Large Action Models: From Inception to Implementation
Lu Wang, Fangkai Yang, Chaoyun Zhang, Junting Lu, Jiaxu Qian, Shilin He, Pu Zhao, Bo Qiao, Ray Huang, Si Qin, Qisheng Su, Jiayi Ye, Yudi Zhang, Jian-Guang Lou, Qingwei Lin, Saravan Rajmohan, Dongmei Zhang, Qi Zhang
TL;DR
This work advocates Large Action Models (LAMs) that move beyond text-only responses to generate and execute actions in real-world and digital environments. It presents a generalizable, Windows-focused pipeline from data collection (task-plan and task-action data) through multi-phase training (planning, expert imitation, self-exploration, and reward-based refinement) to offline and online evaluation within a GUI agent (UFO). The key contributions include a disciplined data workflow, a four-phase training regime, and empirical results showing improved task success rates and efficiency compared with strong baselines. The framework highlights practical considerations for grounding, memory, safety, and deployment, outlining directions for scalability and real-world industrial adoption. Overall, the paper demonstrates how LAMs can bridge the gap between understanding user intent and autonomously executing complex tasks in dynamic environments, advancing toward more capable AI agents.
Abstract
As AI continues to advance, there is a growing demand for systems that go beyond language-based assistance and move toward intelligent agents capable of performing real-world actions. This evolution requires the transition from traditional Large Language Models (LLMs), which excel at generating textual responses, to Large Action Models (LAMs), designed for action generation and execution within dynamic environments. Enabled by agent systems, LAMs hold the potential to transform AI from passive language understanding to active task completion, marking a significant milestone in the progression toward artificial general intelligence.

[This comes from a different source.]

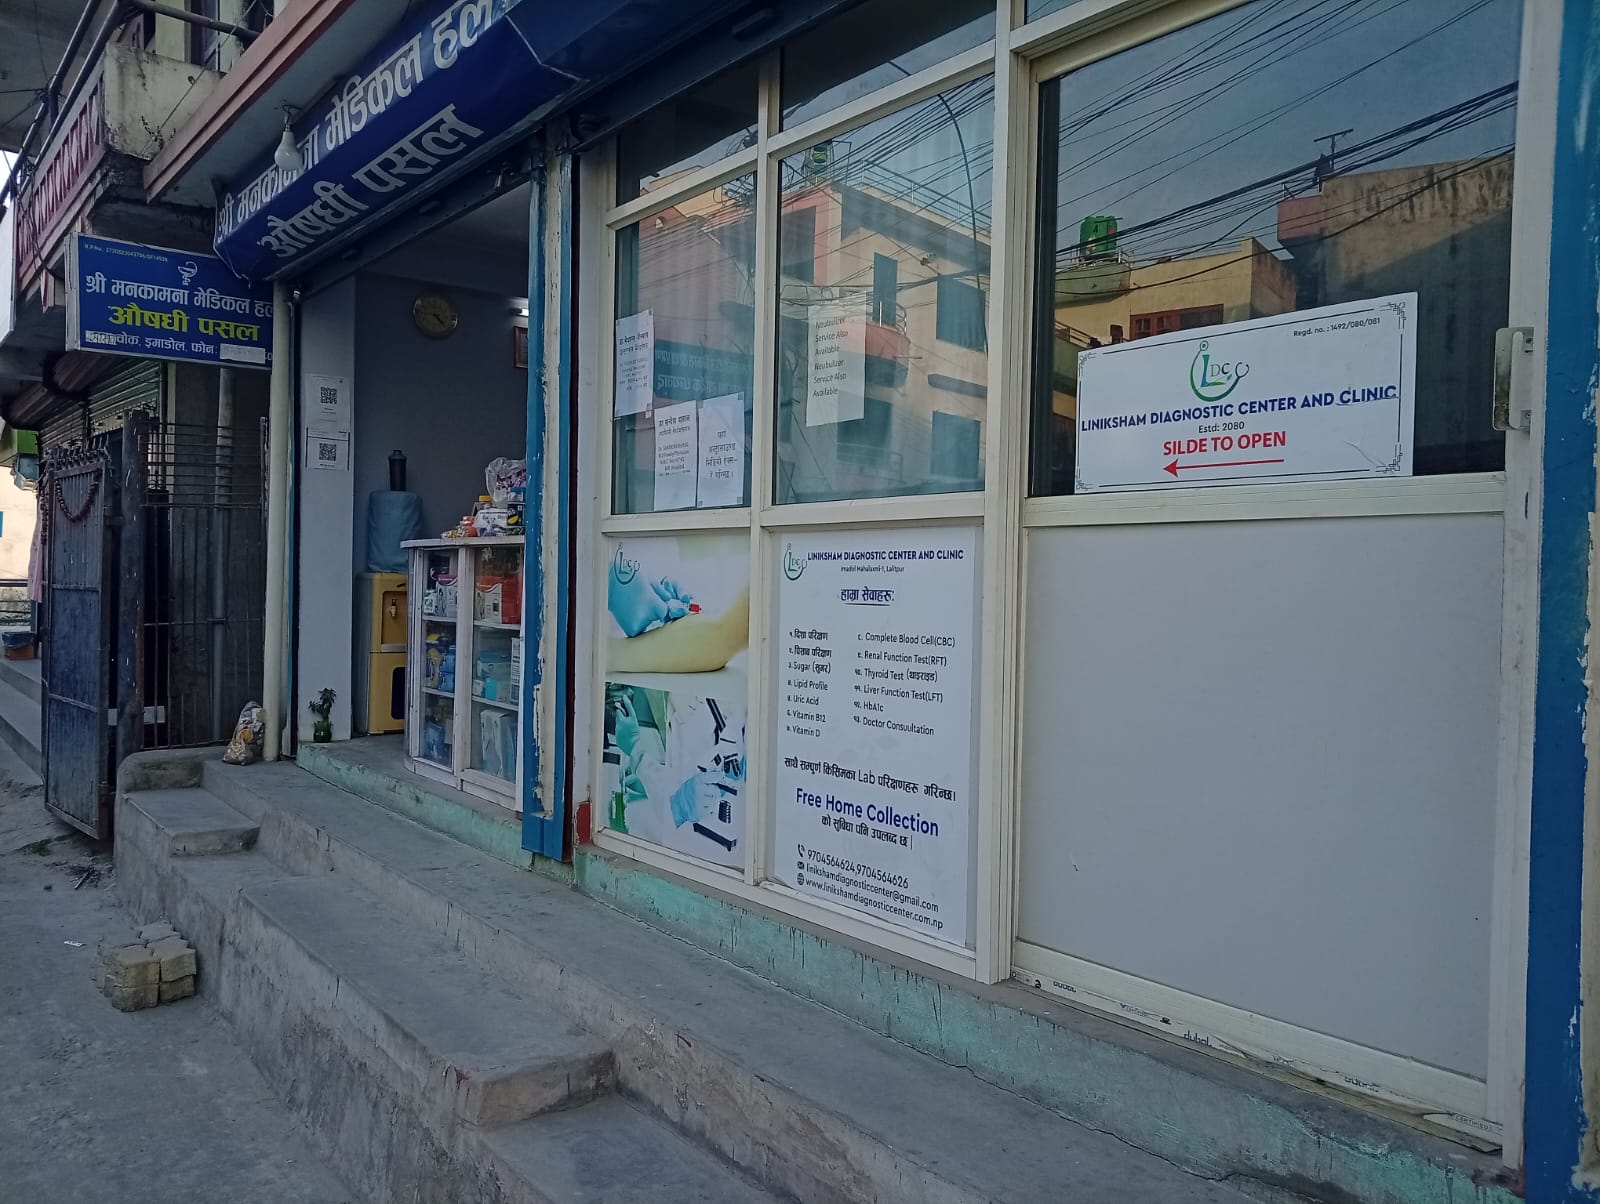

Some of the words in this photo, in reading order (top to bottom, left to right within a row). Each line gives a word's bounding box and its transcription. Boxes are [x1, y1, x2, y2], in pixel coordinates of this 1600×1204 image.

In this paper, we present a comprehensive framework for developing LAMs, offering a systematic approach to their creation, from inception to deployment. We begin with an overview of LAMs, highlighting their unique characteristics and delineating their differences from LLMs. Using a Windows OS-based agent as a case study, we provide a detailed, step-by-step guide on the key stages of LAM development, including data collection, model training, environment integration, grounding, and evaluation. This generalizable workflow can serve as a blueprint for creating functional LAMs in various application domains. We conclude by identifying the current limitations of LAMs and discussing directions for future research and industrial deployment, emphasizing the challenges and opportunities that lie ahead in realizing the full potential of LAMs in real-world applications. The code for the data collection process utilized in this paper is publicly available at: https://github.com/microsoft/UFO/tree/main/dataflow, and comprehensive documentation can be found at https://microsoft.github.io/UFO/dataflow/overview/.